Perché l’informazione sul Covid sarà sempre catastrofista
Il 14 agosto di trentadue anni fa un’autobomba venne lasciata davanti alla Questura di Milano, con la carica non innescata. Si cercò di accusare i fascisti perché, non esitendo più lotta armata d’estrema destra, molti dell’antiterrorismo, invece di farsi pagare le trasferte a Parigi al Crazy Horse o a Londra allo Stringfellow, dove con la scusa di pedinare pericolosi terroristi. facevano la bella vita a spese pubbliche, furono destinati a essere trasferiti a sud a combattere la Mafia. Non conveniva.

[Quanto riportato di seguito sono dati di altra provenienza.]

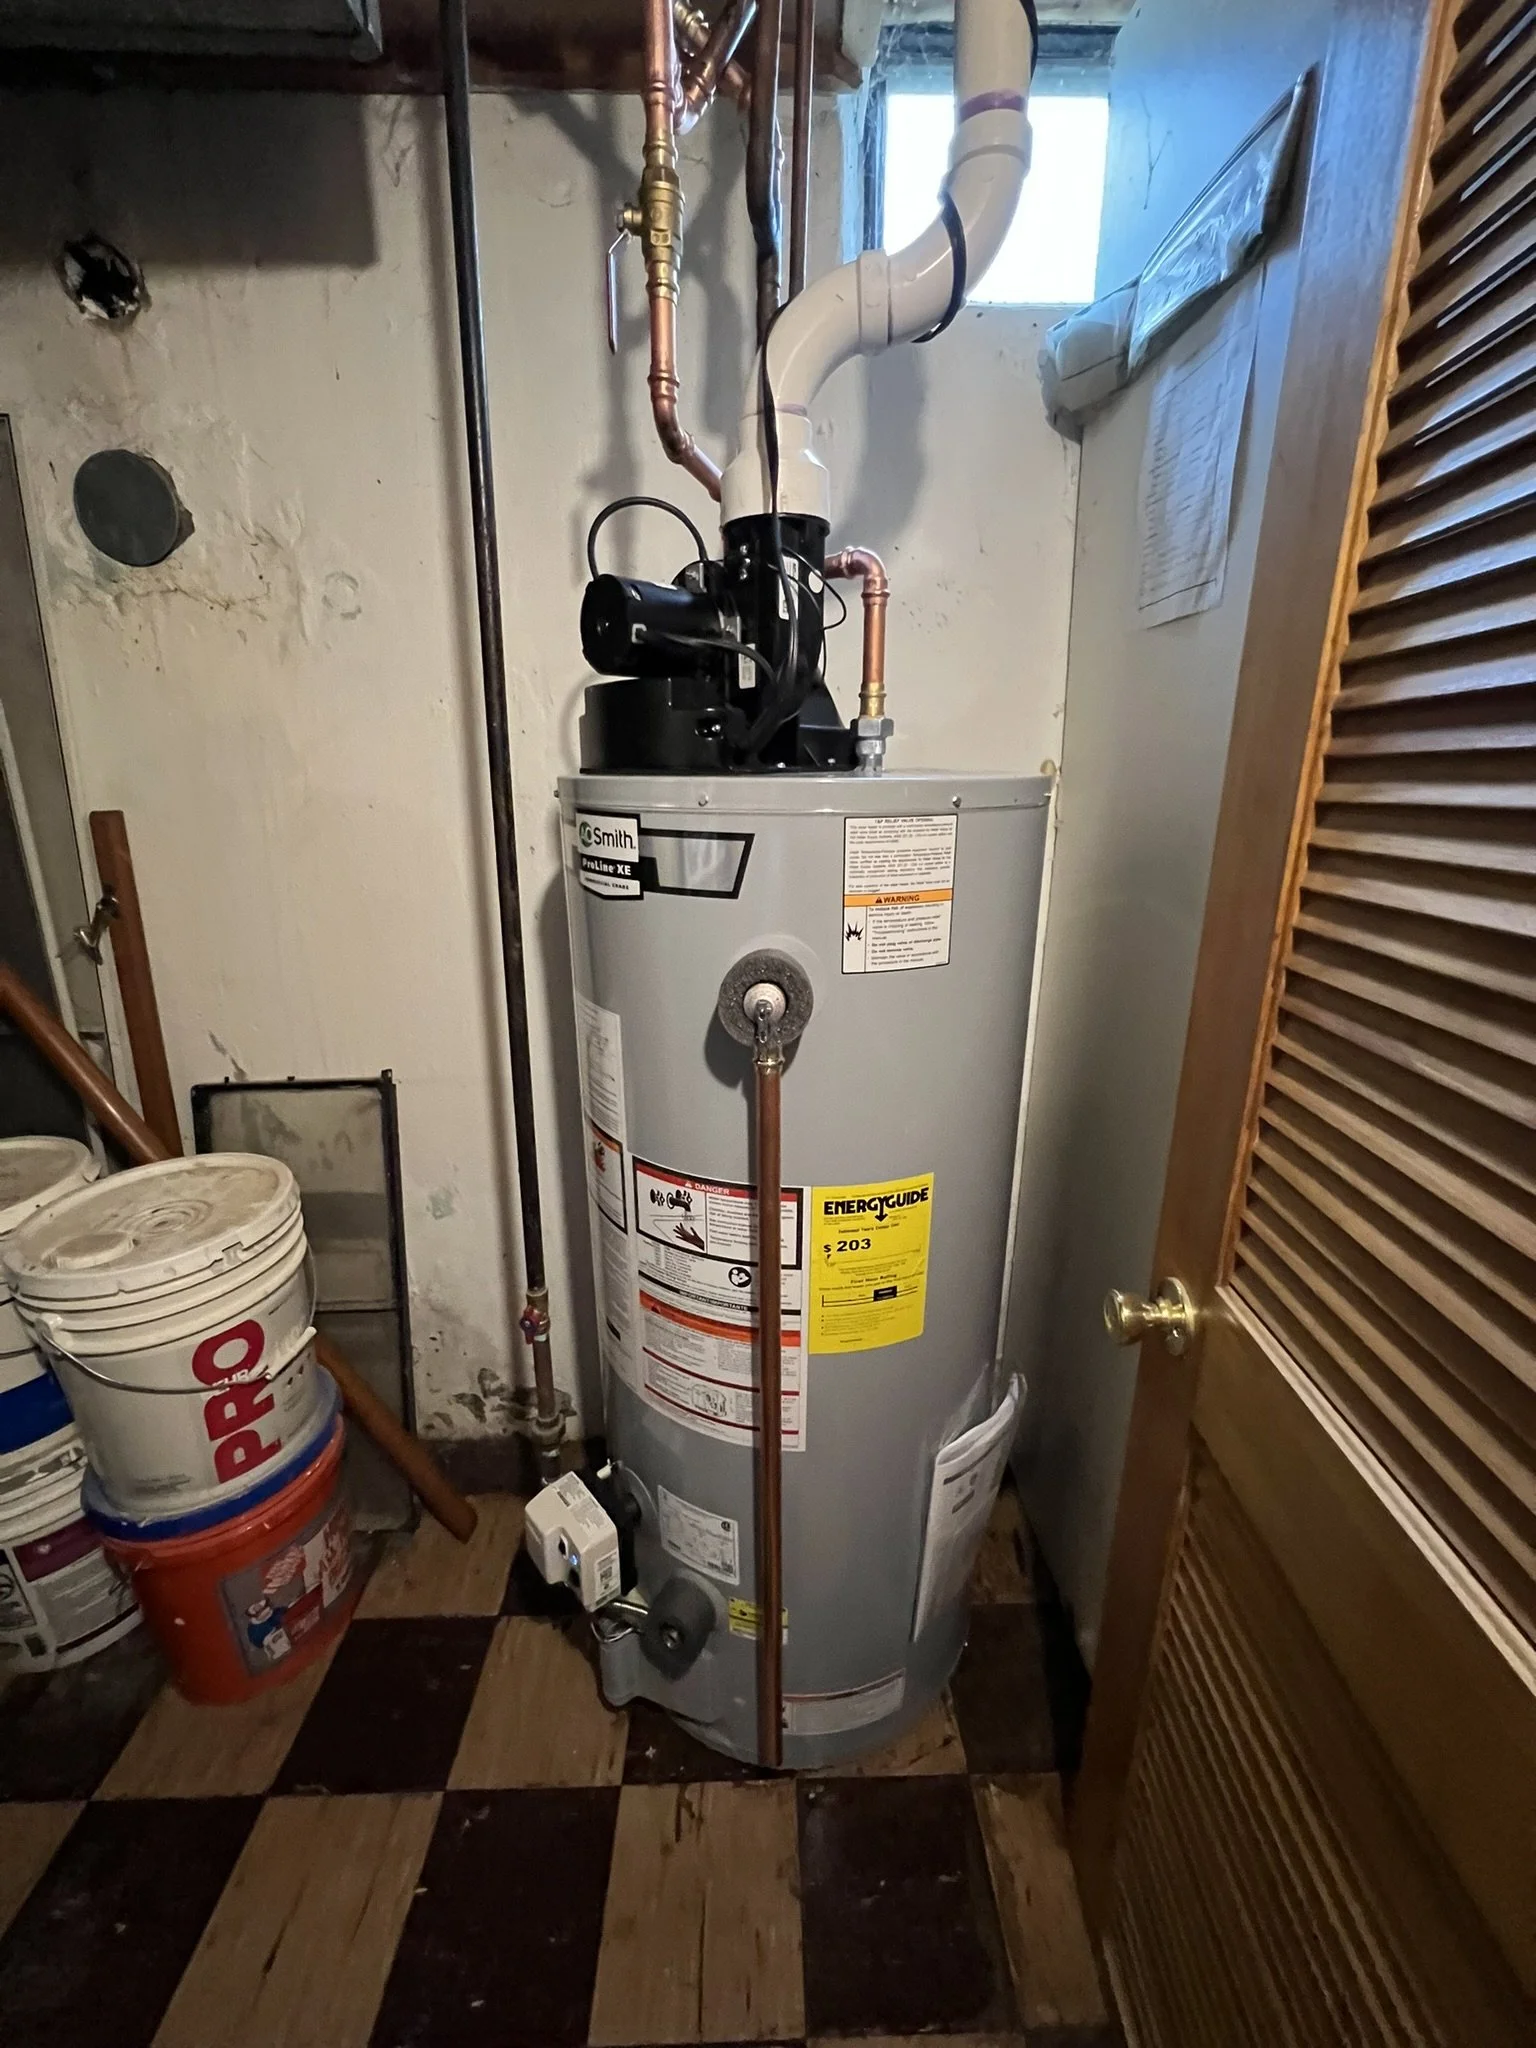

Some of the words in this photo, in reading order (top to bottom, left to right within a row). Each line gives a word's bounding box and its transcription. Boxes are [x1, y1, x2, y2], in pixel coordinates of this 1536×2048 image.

[593, 827, 634, 850] Smith
[617, 864, 631, 876] XE
[883, 894, 920, 904] WARNING
[694, 1183, 730, 1196] DANGER
[836, 1238, 871, 1252] 203
[192, 1319, 282, 1484] PRO

Il giudice incaricato delle indagini la definì “auto”-bomba.
Chi abbia visto il film “Il sarto di Panama” avrà colto come le manipolazioni dell’intelligence si trovano spesso dietro a situazioni che diventano esplosive perché queste rendono.

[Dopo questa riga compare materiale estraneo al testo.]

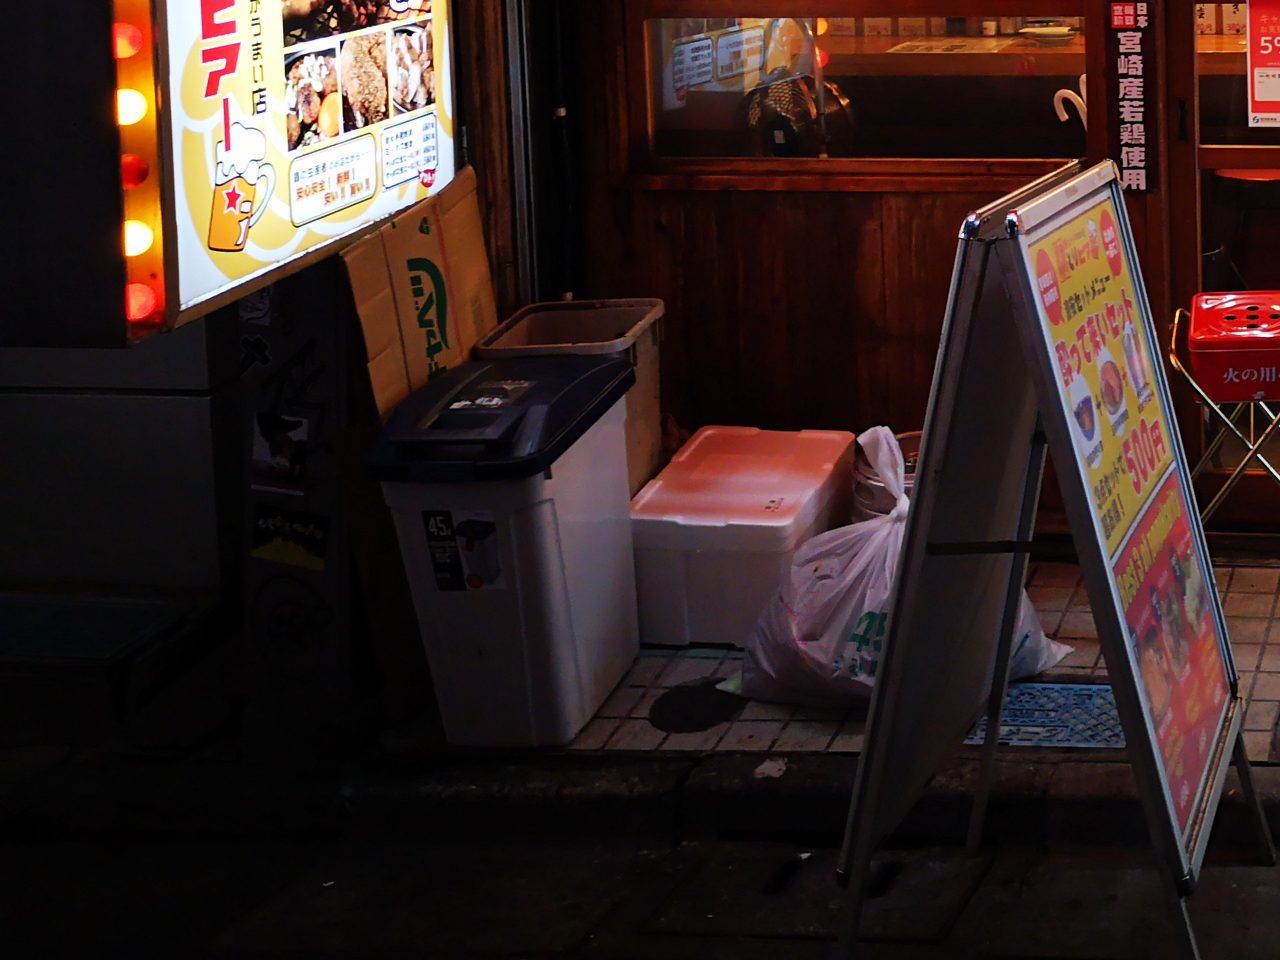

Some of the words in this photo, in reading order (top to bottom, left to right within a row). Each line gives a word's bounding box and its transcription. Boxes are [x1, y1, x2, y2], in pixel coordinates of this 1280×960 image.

[1136, 2, 1148, 28] 日本
[1117, 31, 1147, 190] 宮崎産若鶏使用
[1123, 414, 1168, 495] 500円

Chi si sia interessato un minimo della geopolitica della droga sa che una grande componente del narcotraffico è costituita da corpi antidroga (in primis negli Usa).
Interesse e potere si coniugano in qualsiasi stato d’emergenza nelle mani di chi quest’emergenza gestisce, con licenze straordinarie.
Voglio dire che qualunque cosa si pensi del Covid, di come è nato, di come si è sviluppato, della sua pericolosità reale, delle sue curve, eccetera eccetera, non è certo lasciando l’informazione nelle mani di chi ha acquisito potere o anche soltanto uno status sociale con il quale si pavoneggia che si potrà sperare in un’informazione serena, distesa e non terrorizzante.
Se venisse trovato il balsamo dell’immortalità gli ultimi ad esserne contenti sarebbero i cassamortari.